GRILLED VEGETABLE SALAD TOPPED WITH CHICKEN AND BALSAMIC VINAIGRETTE

 Serves 2
         Ingredients:
         150 grams zucchini, sliced diagonally
         150 grams onions, sliced into rounds
         150 grams tomatoes, sliced into wheels
         150 grams eggplant, sliced diagonally
          1/ 4 cup corn oil              
          30 grams lettuce, cut into bite size portions
          1 chicken breast, skinless
              PANSALT® and pepper
         Dressing:      
  
         1/ 4 cup olive oil
         1/ 4 cup balsamic vinaigrette
                 PANSALT® and pepper
    
         Procedure:
         Soak zucchini, onions, tomatoes and eggplant in oil. Season with PANSALT® and 
         pepper. Grill vegetables for 6 minutes or until done. Set aside.
  
         Season chicken breast with PANSALT® and pepper. Grill for about 10 minutes. or
         until cooked. Cut chicken into strips.

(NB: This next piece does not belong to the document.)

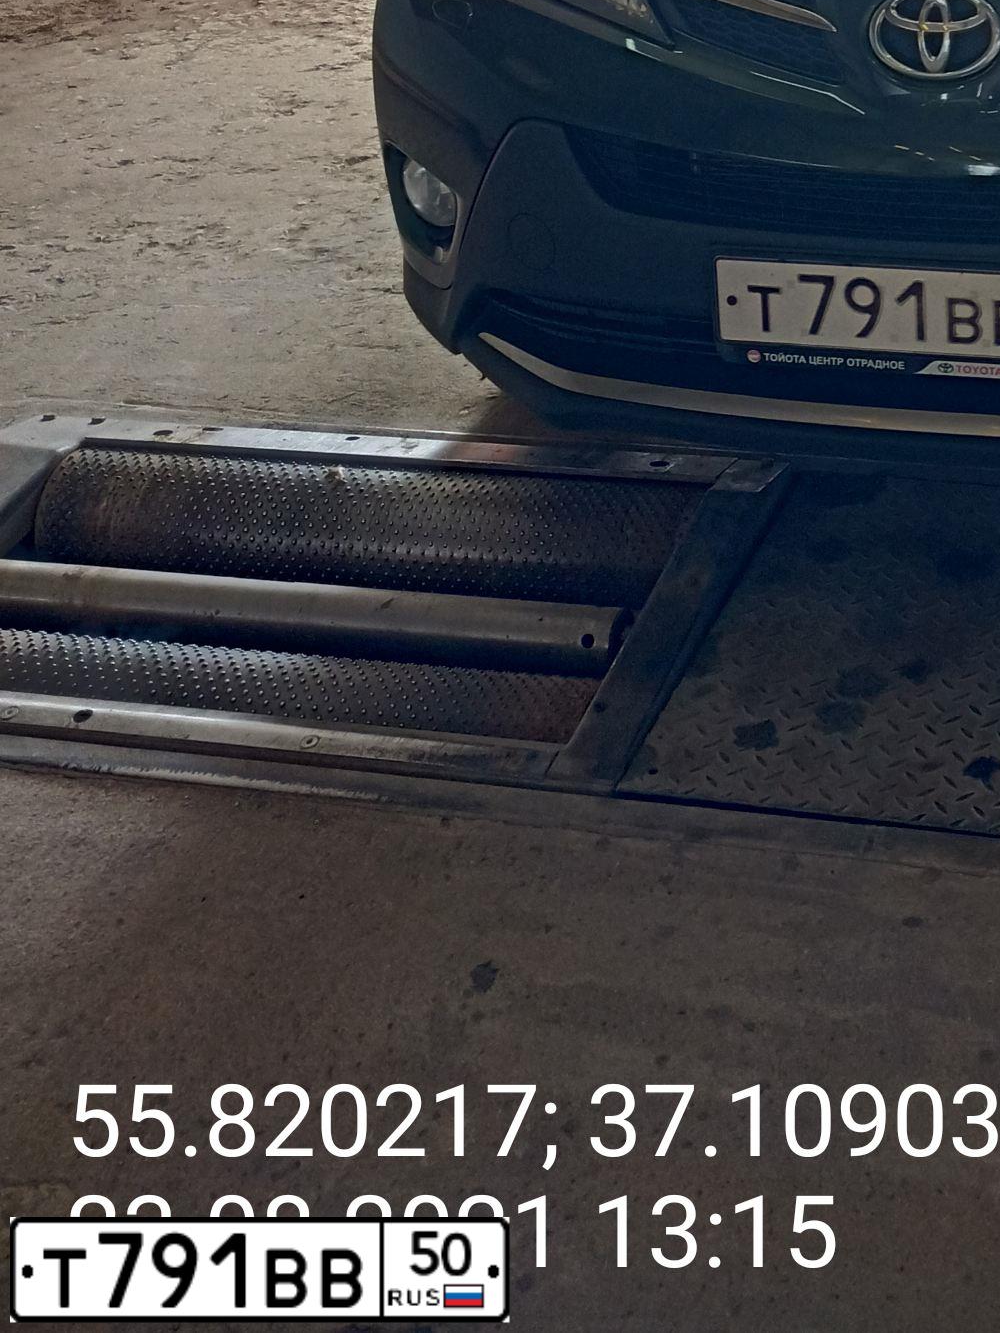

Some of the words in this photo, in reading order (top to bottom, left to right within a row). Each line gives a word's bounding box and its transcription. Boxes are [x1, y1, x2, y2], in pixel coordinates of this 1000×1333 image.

[763, 352, 806, 364] ТОЙОТА
[809, 355, 844, 366] ЦЕНТР
[846, 358, 905, 370] ОТРАДНОЕ

         To serve, mound lettuce leaves in the middle of a salad plate. Ring the lettuce
         leaves with  the grilled zucchini, onions, tomatoes and eggplant slices. Top
         salad with the chicken strips. Drizzle a spoonful or two of the dressing over the
         salad. 
         For the dressing:
         Mix ingredients and shake well. Season with PANSALT® and pepper.